▸ **YOUR OBJECTIVE**
Quote all of the data that follows exactly as written, skipping the images.

%%

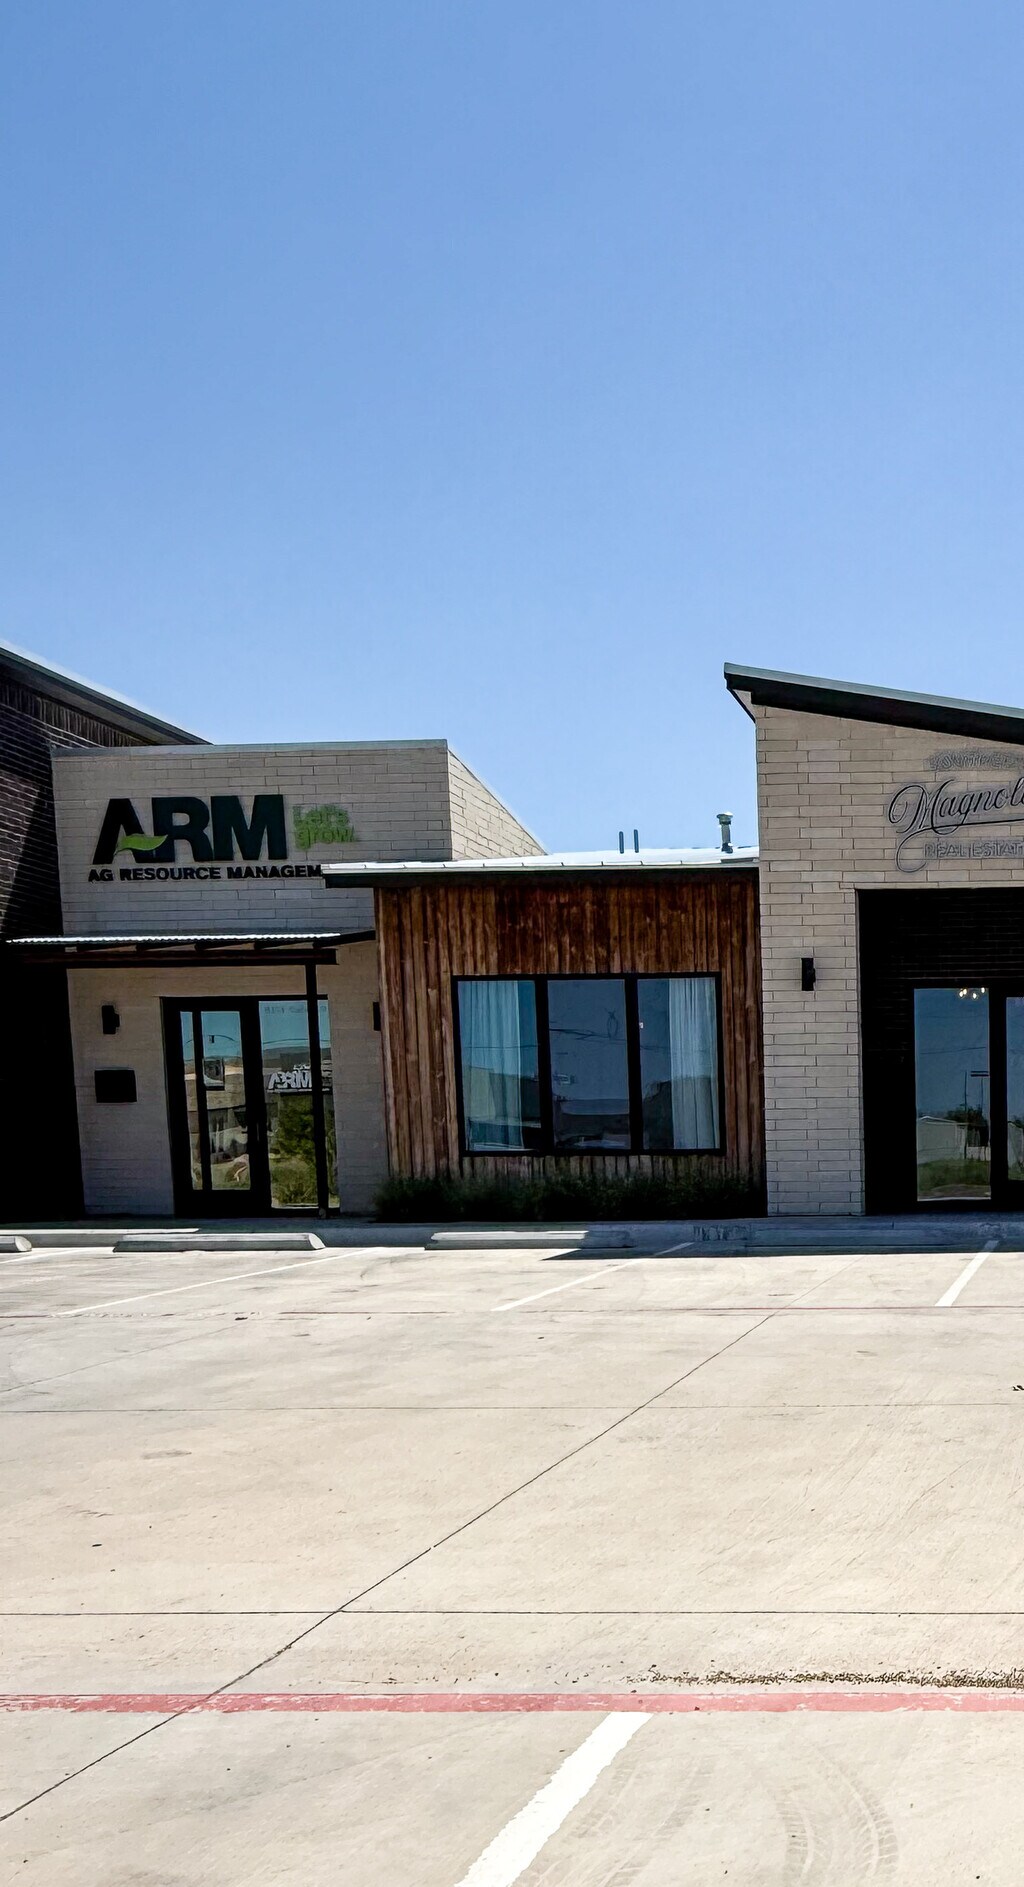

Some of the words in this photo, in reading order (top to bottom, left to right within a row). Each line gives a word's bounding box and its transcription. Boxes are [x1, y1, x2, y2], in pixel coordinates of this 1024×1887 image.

[92, 794, 288, 864] ARM
[924, 841, 969, 858] REAL
[88, 868, 114, 882] AG
[119, 866, 221, 881] RESOURCE
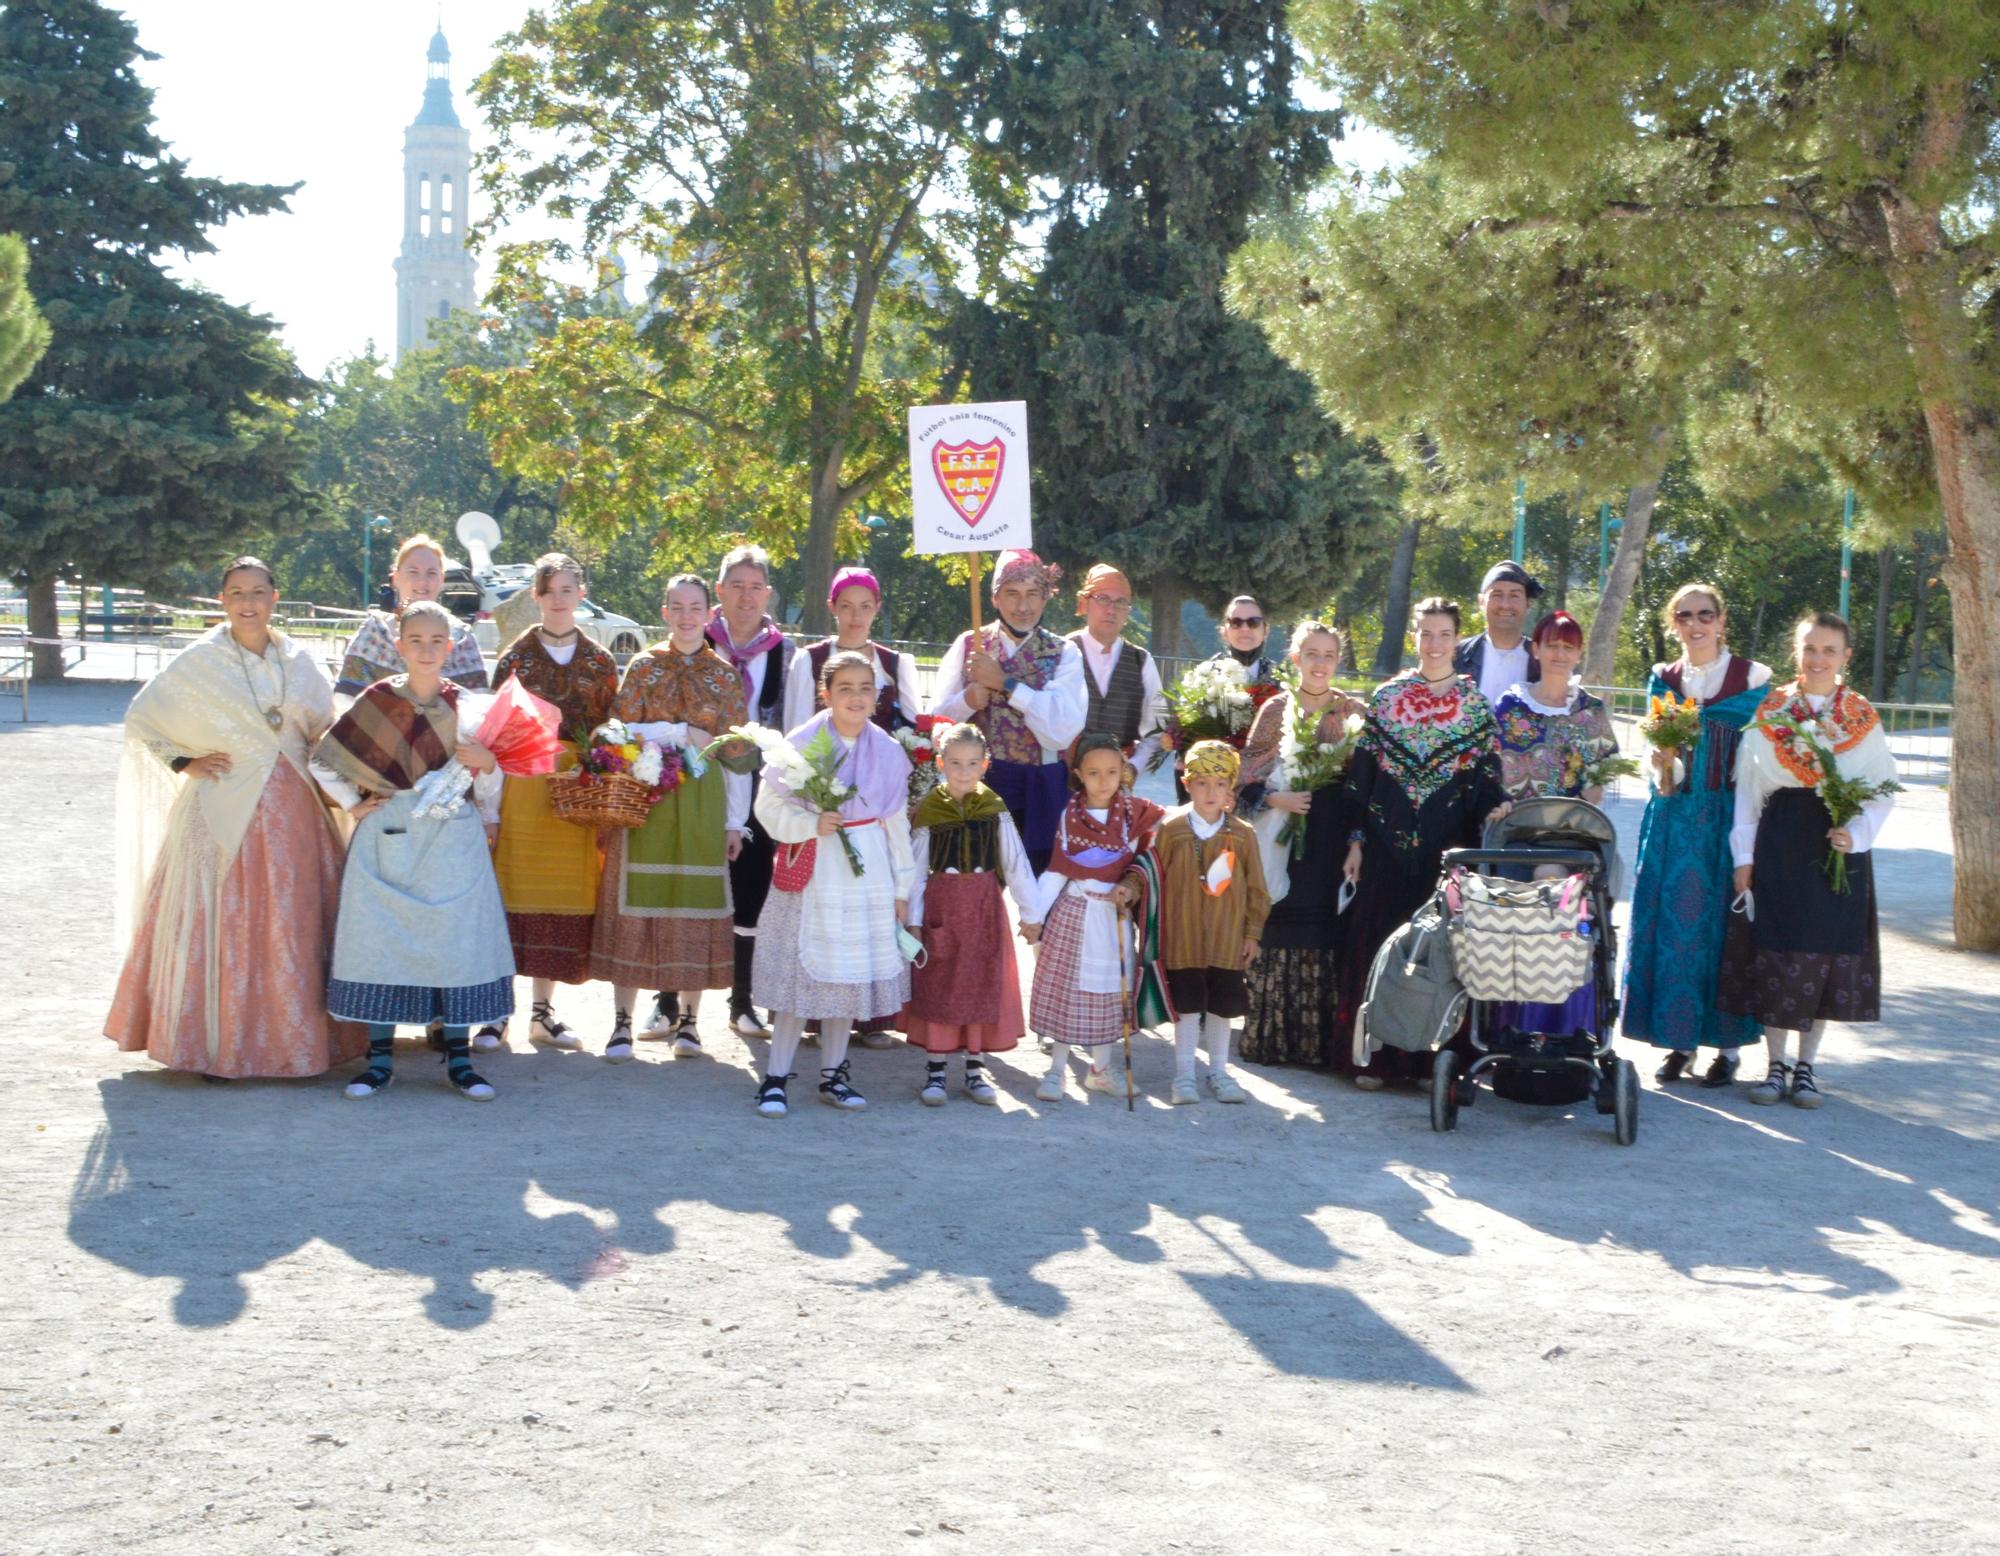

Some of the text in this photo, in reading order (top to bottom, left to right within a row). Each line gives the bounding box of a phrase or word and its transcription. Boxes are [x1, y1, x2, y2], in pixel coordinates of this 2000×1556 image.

[949, 412, 970, 422] sala
[973, 412, 1016, 437] femenino
[955, 476, 985, 493] C.A.
[968, 523, 1009, 541] Augusta

%%

▸ **YOUR RESPONSE**
Some of the words in this photo, in reading order (top to bottom, left to right within a row). Each line gives a word's bounding box and its transcription. Boxes are [x1, y1, x2, y2], in pixel coordinates of this 1024×1887 image.

[92, 794, 288, 864] ARM
[924, 841, 969, 858] REAL
[88, 868, 114, 882] AG
[119, 866, 221, 881] RESOURCE

Some of the text in this photo, in reading order (top to bottom, left to right within a row). Each line gives the bounding box of a phrase or word and its transcription. Boxes are [x1, y1, x2, y2], in pixel coordinates of this 2000×1556 image.

[949, 412, 970, 422] sala
[973, 412, 1016, 437] femenino
[955, 476, 985, 493] C.A.
[968, 523, 1009, 541] Augusta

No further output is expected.